Other modes that require only a nonce (not an initialization vector) tend to be streaming modes. These fail miserably when used for disk encryption if the nonce does not change every single time the contents associated with that nonce change.

Keys for disk encryption are generally created from a password. Such keys will be only as strong as the password. See Recipe 4.10 for a discussion of turning a password into a cryptographic key.

For example, if you're encrypting file-by-file in 8,192-byte chunks, you need a separate nonce for each 8,192-byte chunk, and you need to select a new nonce every single time you want to protect a modified version of that chunk. You cannot just make incremental changes, then reencrypt with the same nonce.

In fact, even for modes where sequential nonces are possible, they really don't make much sense in the context of file encryption. For example, some people think they can use just one CTR mode nonce for the entire disk. But if you ever reuse the same piece of keystream, there are attacks. Therefore, any time you change even a small piece of data, you will have to reencrypt the entire disk using a different nonce to maintain security. Clearly, that isn't practical.

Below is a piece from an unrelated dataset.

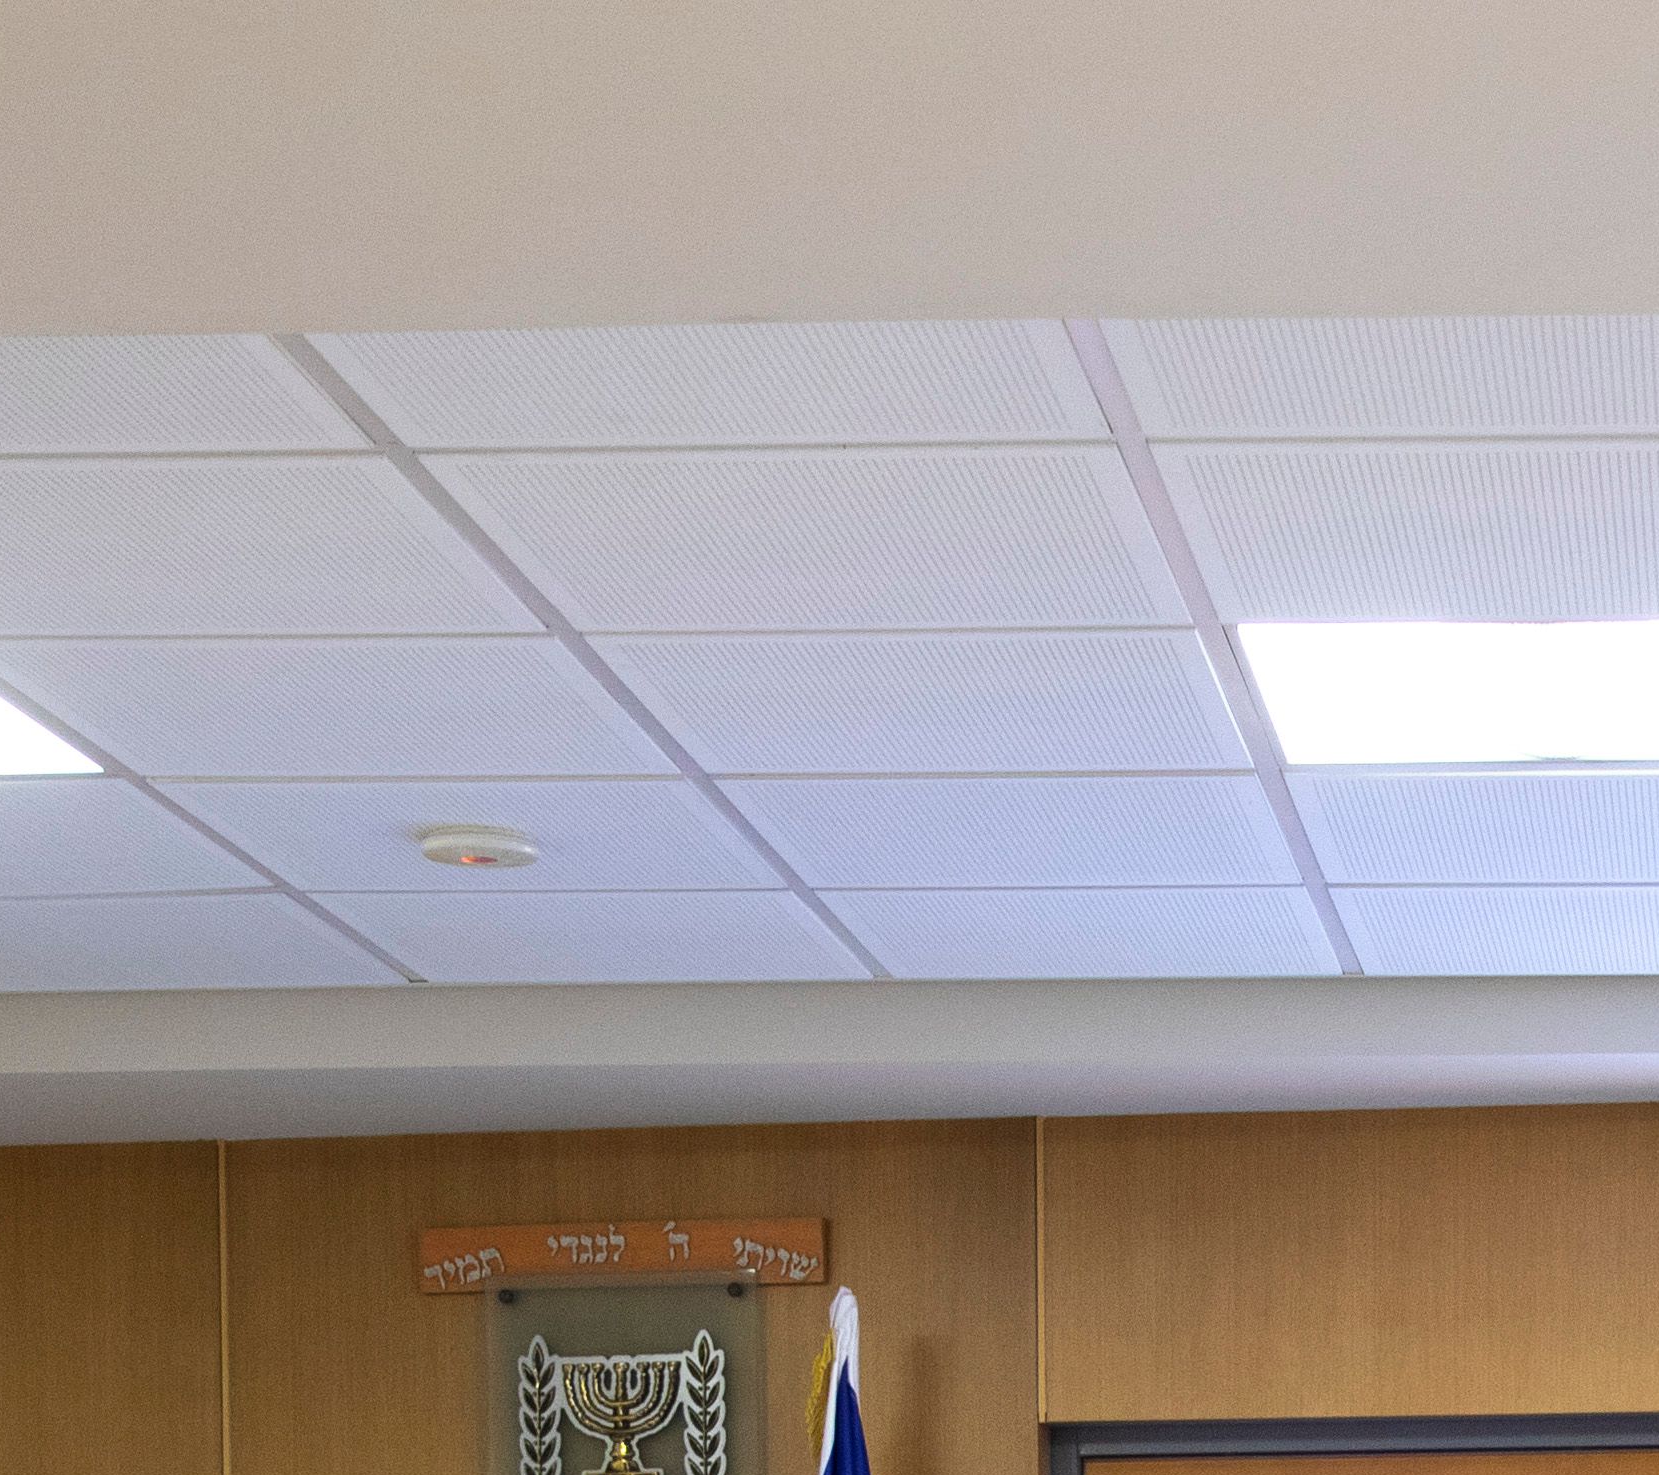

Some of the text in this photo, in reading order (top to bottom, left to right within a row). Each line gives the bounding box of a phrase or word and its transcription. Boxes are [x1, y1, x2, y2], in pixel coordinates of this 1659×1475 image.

[546, 1223, 627, 1264] לנגדי
[732, 1236, 819, 1281] שויתי
[422, 1245, 506, 1290] תמיד

Therefore, no matter what mode you choose to use, you should choose random initial values.

Many people don't like IVs or nonces for file encryption because of storage space issues. They believe they shouldn't "waste" space on storing an IV or nonce. When you're encrypting fixed-size chunks, there are not any viable alternatives; if you want to ensure security, you must use an IV.

If you're willing to accept message expansion, you might want to consider a high-level mode such as CWC, so that you can also incorporate integrity checks. In practice, integrity checks are usually ignored on filesystems, though, and the filesystems trust that the operating system's access control system will ensure integrity.

Actually, if you're willing to encrypt and decrypt on a per-file basis, where you cannot decrypt the file in parts, you can actually get rid of the need for an initialization vector by using LION, which is a construction that takes a stream cipher and hash function and turns them into a block cipher that has an arbitrary block size. Essentially, LION turns those constructs into a single block cipher that has a variable block length, and you use the cipher in ECB mode.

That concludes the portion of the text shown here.